McKinney has been carrying water for fish and wildlife since day one. During his tenure at TPWD, he has been a major force behind research and recommendations to provide freshwater inflows to estuaries and in-stream flows for rivers and reservoirs; wetland conservation and restoration and other issues related to the ecological health of Texas aquatic ecosystems.
"When we started in 1985, environmental review of water permits and consideration for fish and wildlife did not exist," said McKinney, who noted back then only two permits in the entire state included environmental provisions. "Today every water permit includes such consideration and the passage of SB-1, SB-2 and especially SB-3 will put into place the policy framework that if adopted by the legislature will assure water for fish and wildlife on a statewide basis."
As director of the agency’s now defunct Resource Protection Division, McKinney advocated working with private landowners to provide conservation for threatened and endangered resources.
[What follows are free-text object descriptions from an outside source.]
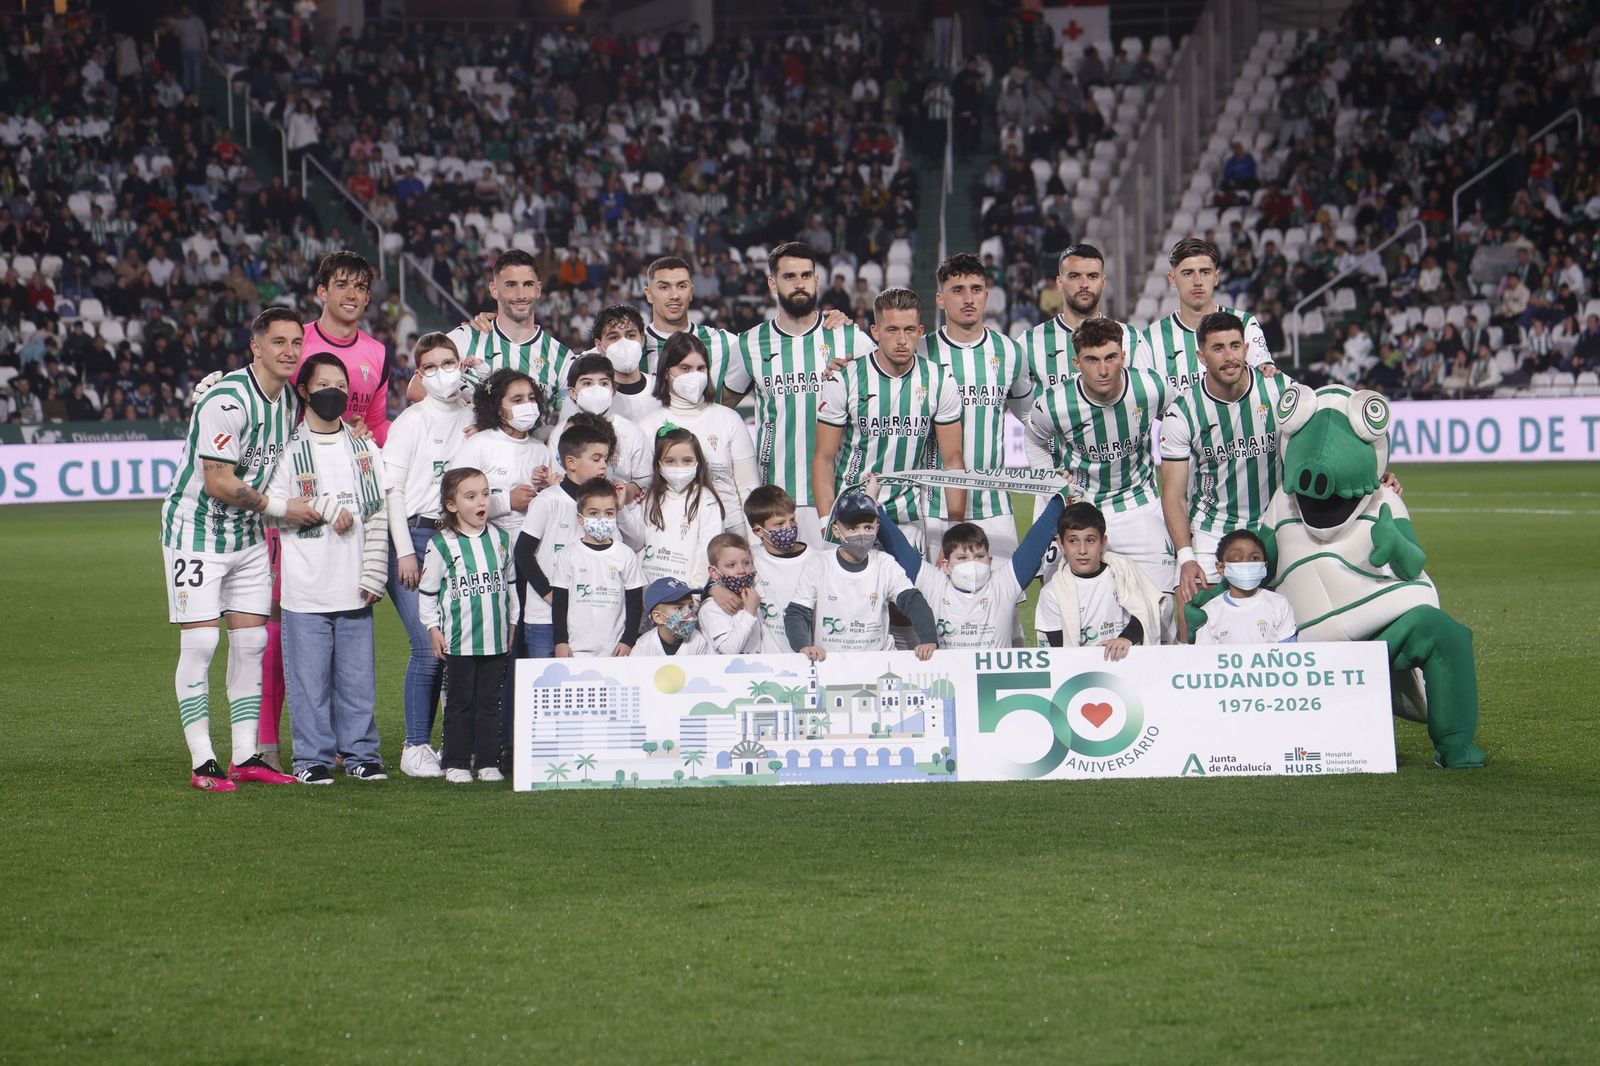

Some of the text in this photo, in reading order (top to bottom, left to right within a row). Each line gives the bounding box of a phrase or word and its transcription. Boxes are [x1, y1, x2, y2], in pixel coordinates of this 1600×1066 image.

[860, 416, 928, 428] BAHRAIN
[861, 428, 926, 437] VICTORIOUS
[1204, 432, 1276, 457] BAHRAIN
[1519, 416, 1565, 454] DE
[0, 462, 37, 498] S
[174, 558, 204, 587] 23
[975, 650, 1051, 670] HURS
[1217, 648, 1316, 669] 50 AÑOS
[1171, 669, 1366, 690] CUIDANDO DE TI
[1217, 697, 1322, 713] 1976-2026
[977, 671, 1145, 779] 50
[1066, 725, 1160, 773] ANIVERSARIO
[1209, 754, 1237, 763] Junta
[1208, 762, 1272, 773] de Andalucía
[1285, 763, 1323, 774] HURS
He was able to influence significant revisions of the federal endangered species act to better work with private lands and through cooperative efforts.
He was also responsible for the development of a civil process and valuation system for fish and wildlife to recover the value of fish and wildlife resources lost to illegal activity (poaching, pollution, etc), which has meant millions of dollars to wildlife and habitat restoration.
As director of the agency’s Coastal Fisheries Division, McKinney lead the development of programs to address aquatic vegetation management, invasive species, shrimp aquaculture and disease management, vehicle traffic in riverbeds, paddling trails, and offshore aquaculture. He oversaw the development of the State Wetlands Plan and the Seagrass Conservation Plan and was able to accelerate and will soon bring to conclusion the shrimp license buyback program. This program has been the fundamental conservation tool in maintaining the health and productivity of our recreational fishery.
"Texas is the only state with a significant saltwater angler population that has seen positive increases in numbers over the last 5 years — a 25 percent gain," McKinney noted. "Florida and California saw an 18 percent drop over that time and all other Gulf states declined sharply. Not only that but our anglers are fishing twice as much and the economic benefits to Texas include the creation of over 5,000 jobs during that time. The action we have taken like regional regulations and the continued emphasis on ecosystem management has put our fisheries in their best condition in the last 30 years."
McKinney earned his Ph.D. from Texas A&M University in 1976 and is a recognized authority on the habitats of amphipod crustaceans in the Gulf of Mexico and Caribbean Sea. In 1976, McKinney was a Smithsonian Fellow and from 1977 to 1980 he was a research associate and instructor at Texas A&M University-Galveston. Prior to joining TPWD, McKinney was director of the Texas Environmental Engineering Field Laboratory in Galveston where he worked on water issues including the diversion of the Mississippi River.
The Harte Research Institute for Gulf of Mexico Studies is an endowed and developing research institute that supports and advances the long-term sustainable use and conservation of the Gulf of Mexico through a tri-national approach between the United States, Mexico and Cuba. The Institution was created in 2000 by a $46 million endowment from Edward H. Harte, philanthropist and former publisher of the Corpus Christi Caller-Times.